Las consecuencias de la votación de Arenys de Munt

Post festum, pestum.

Después de fiesta, peste. Lo decían los romanos y mi profesor de latín los lunes. La consulta de Arenys de Munt fue una fiesta, pero no un éxito y menos aún un acierto. Catalunya tiene derecho a un referendo convocado por el Rey para saber si quiere o no la independencia. Aquel día, como buen federalista, votaré no. Lo que Catalunya no se merece es la serie de fiestas populares que nos esperan. Todas legítimas, pero jurídicamente irrelevantes y políticamente inconvenientes. El independentismo y los partidos que hacen de él bandera saldrán perjudicados; y, de rebote, el Govern, demasiado cómodo haciendo la estatua.
Un día ya lejano, los socios del Ateneo de Madrid votaron que Dios no existía.
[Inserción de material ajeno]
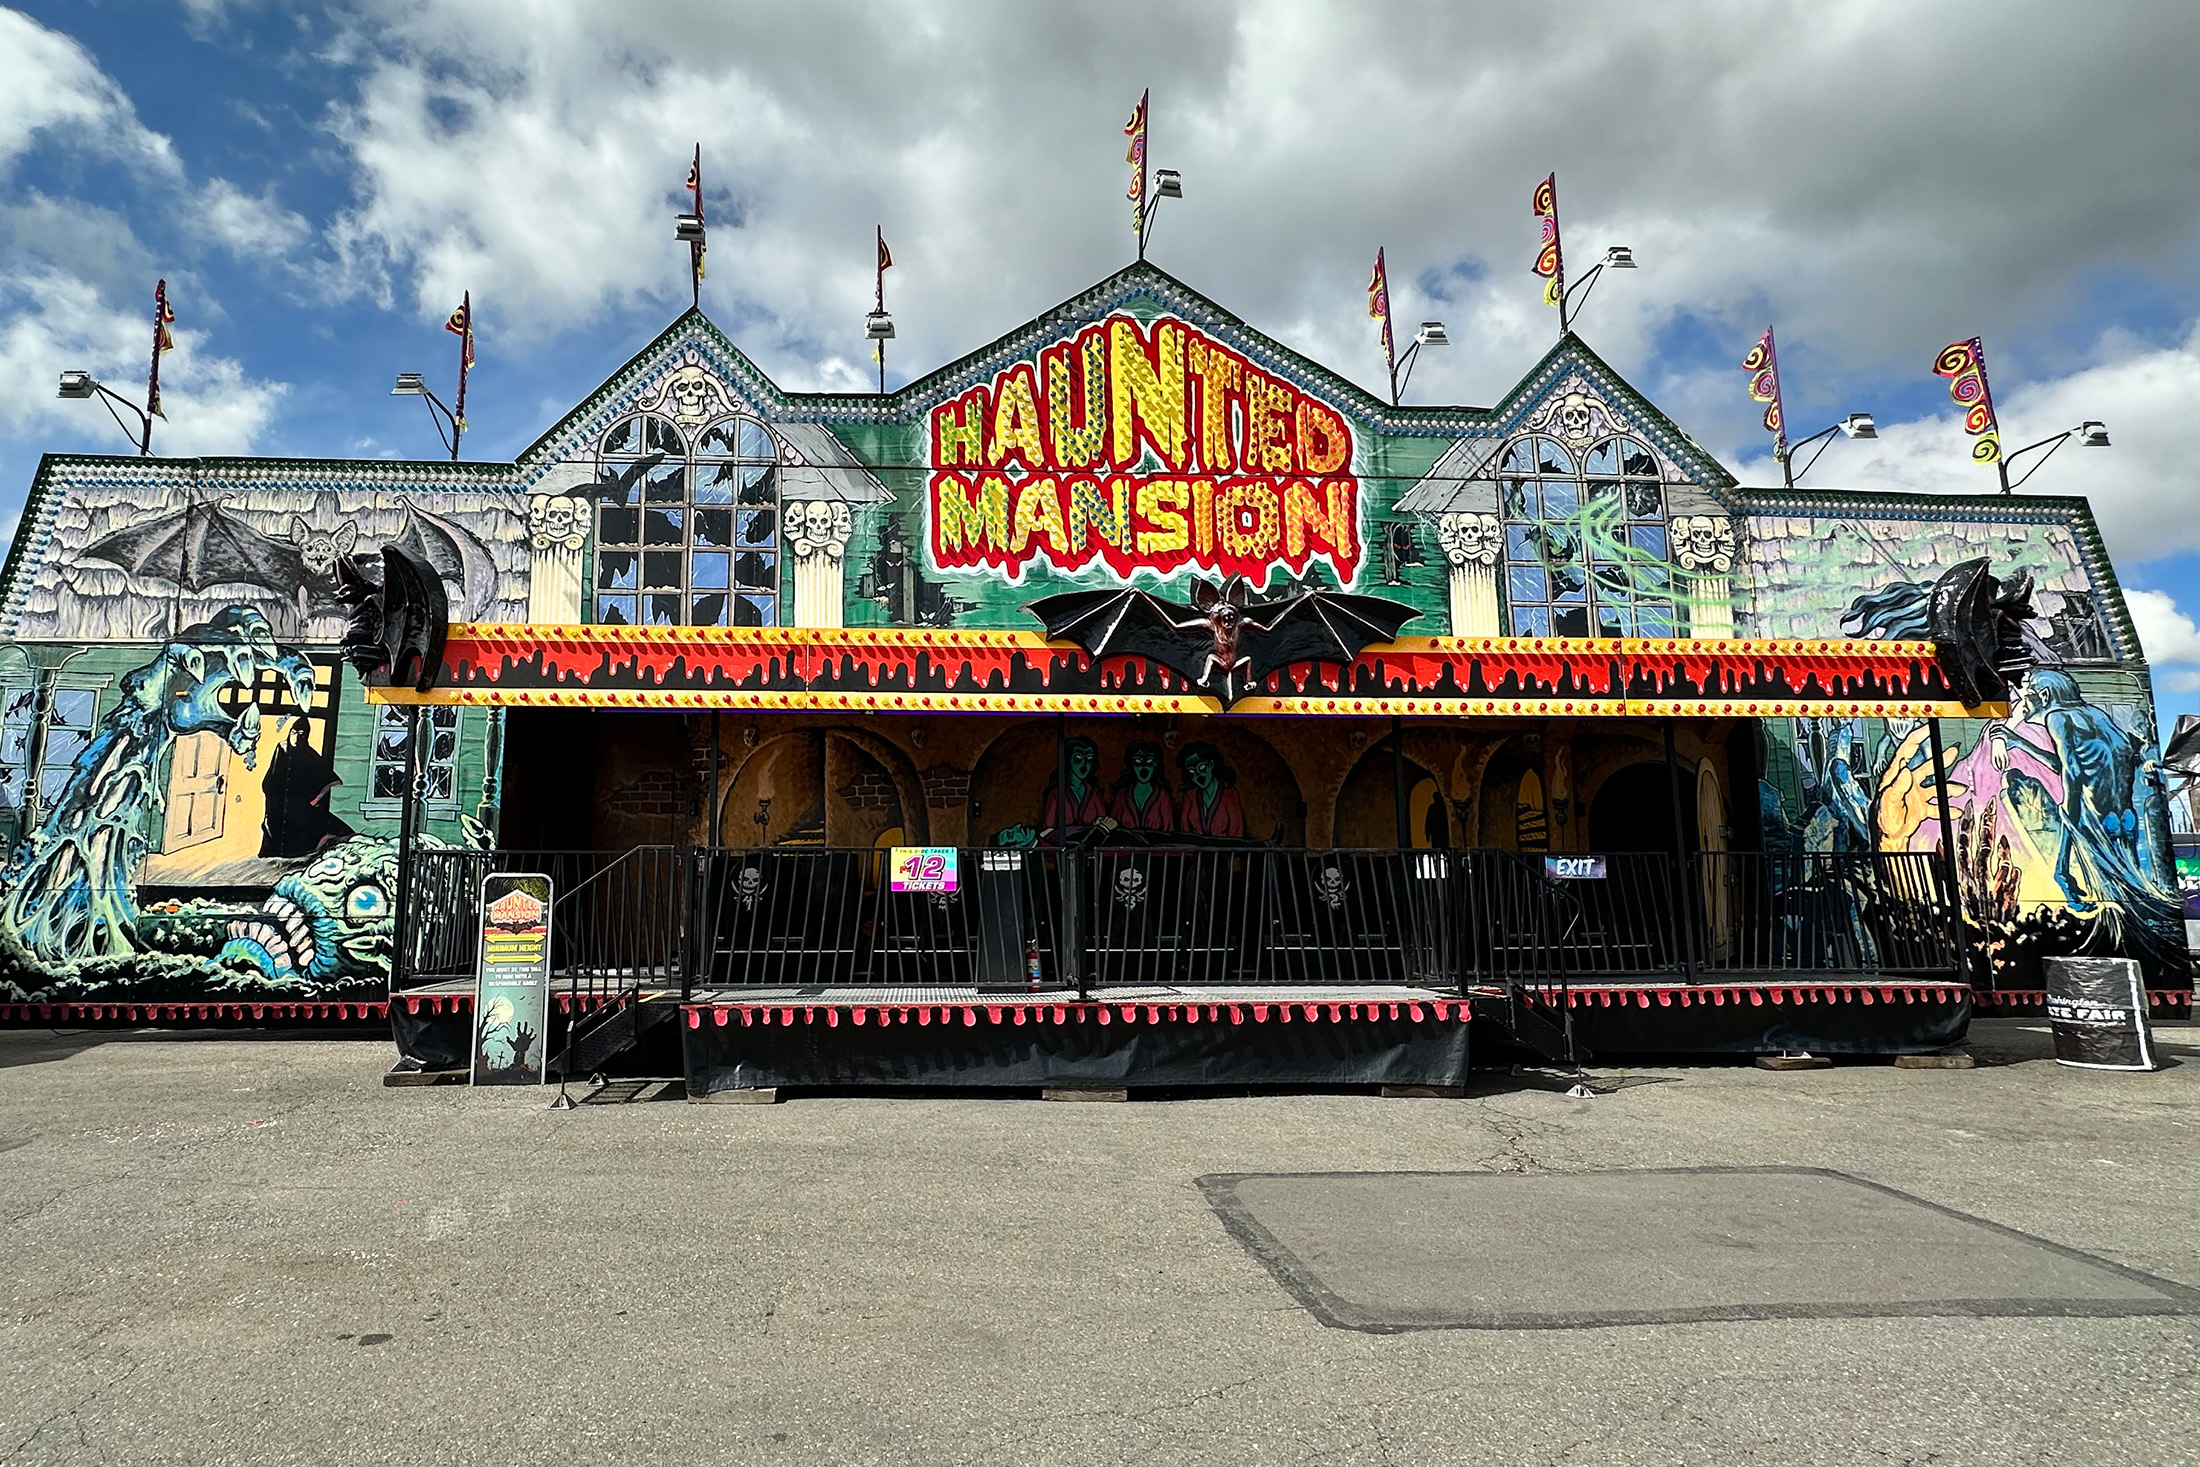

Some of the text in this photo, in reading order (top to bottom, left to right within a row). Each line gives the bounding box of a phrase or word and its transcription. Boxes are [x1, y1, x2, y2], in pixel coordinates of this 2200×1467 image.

[937, 320, 1347, 474] HAUNTED
[937, 475, 1352, 561] MANSION
[904, 855, 945, 880] 12
[1556, 858, 1596, 876] EXIT
[903, 881, 946, 890] TICKETS
[494, 895, 539, 911] HAUNTED
[493, 909, 539, 920] MANSION
[487, 943, 543, 953] MINIMUM HEIGHT
[2076, 1008, 2126, 1021] FAIR
La aportación definitiva al género de las votaciones gratuitas estaba ya hecha. Era innecesaria una nueva aportación que no ha hecho otra cosa que abrir un concurso de disparates. El PP imaginándose una insurrección, el Gobierno de Madrid haciendo uso gratuito de su autoridad legal, los cuatro gatos de la Falange sacando las águilas imperiales de paseo, los soberanistas de ERC y CDC aplaudiendo una iniciativa que les descoloca y el PSC intentando mantener la sangre fría hasta que cae en la provocación de sus socios republicanos o se ven incomodados por alguna intemperancia de los amigos del PSOE.
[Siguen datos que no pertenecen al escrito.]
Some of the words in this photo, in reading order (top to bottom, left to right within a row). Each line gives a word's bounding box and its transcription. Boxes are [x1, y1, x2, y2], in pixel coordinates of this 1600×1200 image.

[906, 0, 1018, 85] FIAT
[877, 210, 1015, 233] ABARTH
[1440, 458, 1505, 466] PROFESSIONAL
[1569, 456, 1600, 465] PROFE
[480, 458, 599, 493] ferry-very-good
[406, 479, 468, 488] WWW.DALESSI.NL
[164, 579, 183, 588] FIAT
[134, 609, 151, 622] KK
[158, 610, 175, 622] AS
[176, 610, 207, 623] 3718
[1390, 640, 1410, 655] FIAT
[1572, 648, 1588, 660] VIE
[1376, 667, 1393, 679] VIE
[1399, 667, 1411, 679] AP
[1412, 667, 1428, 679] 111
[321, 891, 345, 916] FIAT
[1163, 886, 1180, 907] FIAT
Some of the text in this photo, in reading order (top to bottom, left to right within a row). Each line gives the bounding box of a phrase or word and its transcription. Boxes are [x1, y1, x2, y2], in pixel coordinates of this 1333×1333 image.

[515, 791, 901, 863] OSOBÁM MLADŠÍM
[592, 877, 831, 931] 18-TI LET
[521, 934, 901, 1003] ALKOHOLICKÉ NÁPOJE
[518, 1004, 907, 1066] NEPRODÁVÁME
Arenys fue una fiesta, sí; pero no solo una fiesta. Aceptémoslo también. Tras la actitud de los convocantes se percibe un sentimiento de decepción con el sistema de partidos y los poderes imperantes que poco tiene que ver con la reclamación de la soberanía. La independencia es la bandera del desencanto de unos sectores activos de la sociedad que no acaban de entender cómo es posible que un país que vive pendiente de una sentencia y ahogado por la crisis económica haya abrazado la resignación cristiana con tanta fe.
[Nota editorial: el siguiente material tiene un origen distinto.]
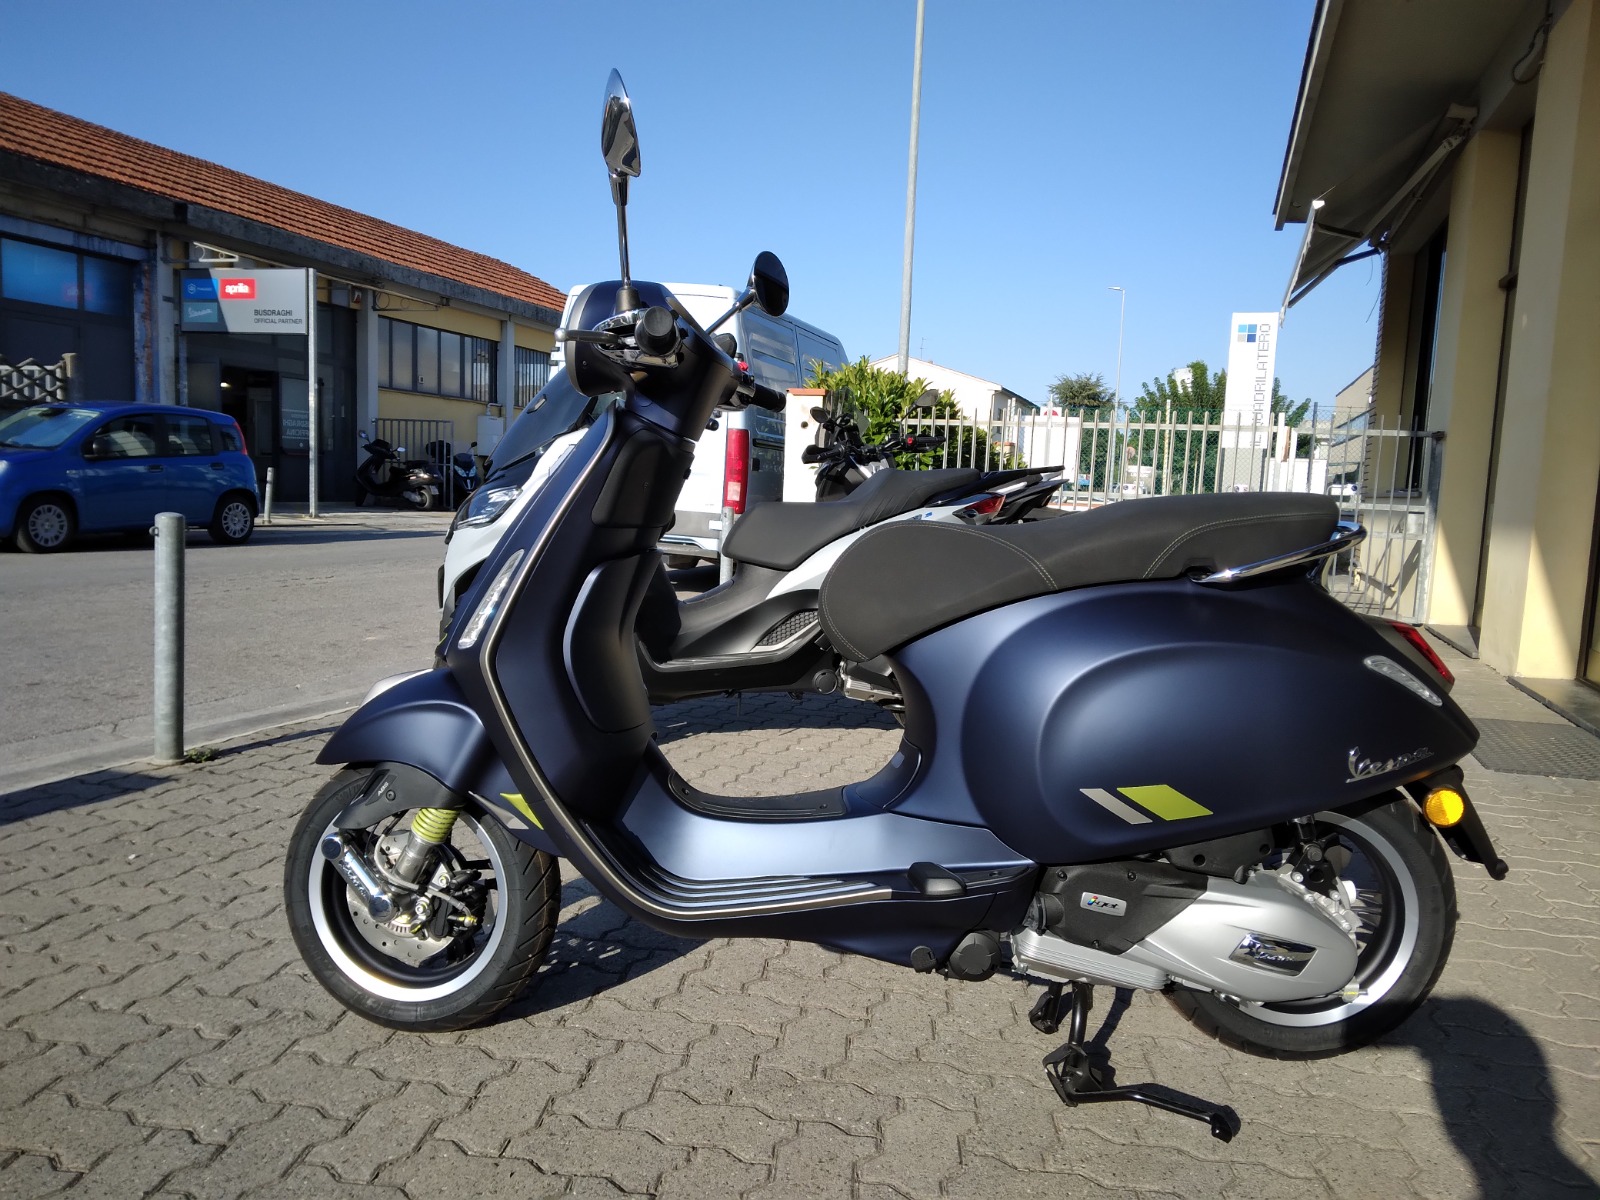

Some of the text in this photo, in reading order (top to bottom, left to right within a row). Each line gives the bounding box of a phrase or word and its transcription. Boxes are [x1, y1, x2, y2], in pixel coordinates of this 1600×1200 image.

[225, 283, 249, 295] aprilia
[254, 309, 293, 317] BUSDRAGHI
[1346, 746, 1434, 783] Vespa
Cierto que movilizar a los ciudadanos con objetivos imposibles a corto y medio plazo puede aumentar el sentimiento de frustración que se quiere combatir; cierto que la pestum de estas festum incentivará seguramente el conflicto en la política catalana, pero su celebración tiene un efecto alarma que no debería ignorarse. La fuerza de los independentistas es la que es: poca y despistada en múltiples focs de camp. Sin un líder, difícilmente prosperará hasta tener el peso electoral y social que haga inevitable el referendo de verdad. Los soberanistas tienen motivos para estar preocupados y no creo que ayude demasiado el fichaje de un inminente expresidente blaugrana.
Al resto de los mortales, lo que debe preocuparnos es que no nos arrastren a su deriva. Pero no todo es negativo. Los socialistas catalanes, en posición de centralidad política e institucional indiscutible, disponen de una ocasión inmejorable para canalizar hacia objetivos políticos realistas toda esa energía popular, evitando que se malbarate en iniciativas estériles. Pero tanto privilegio a veces relaja. Post coitum, tedium, decían también los romanos.

Jordi Mercader, periodista.

Patología democrática.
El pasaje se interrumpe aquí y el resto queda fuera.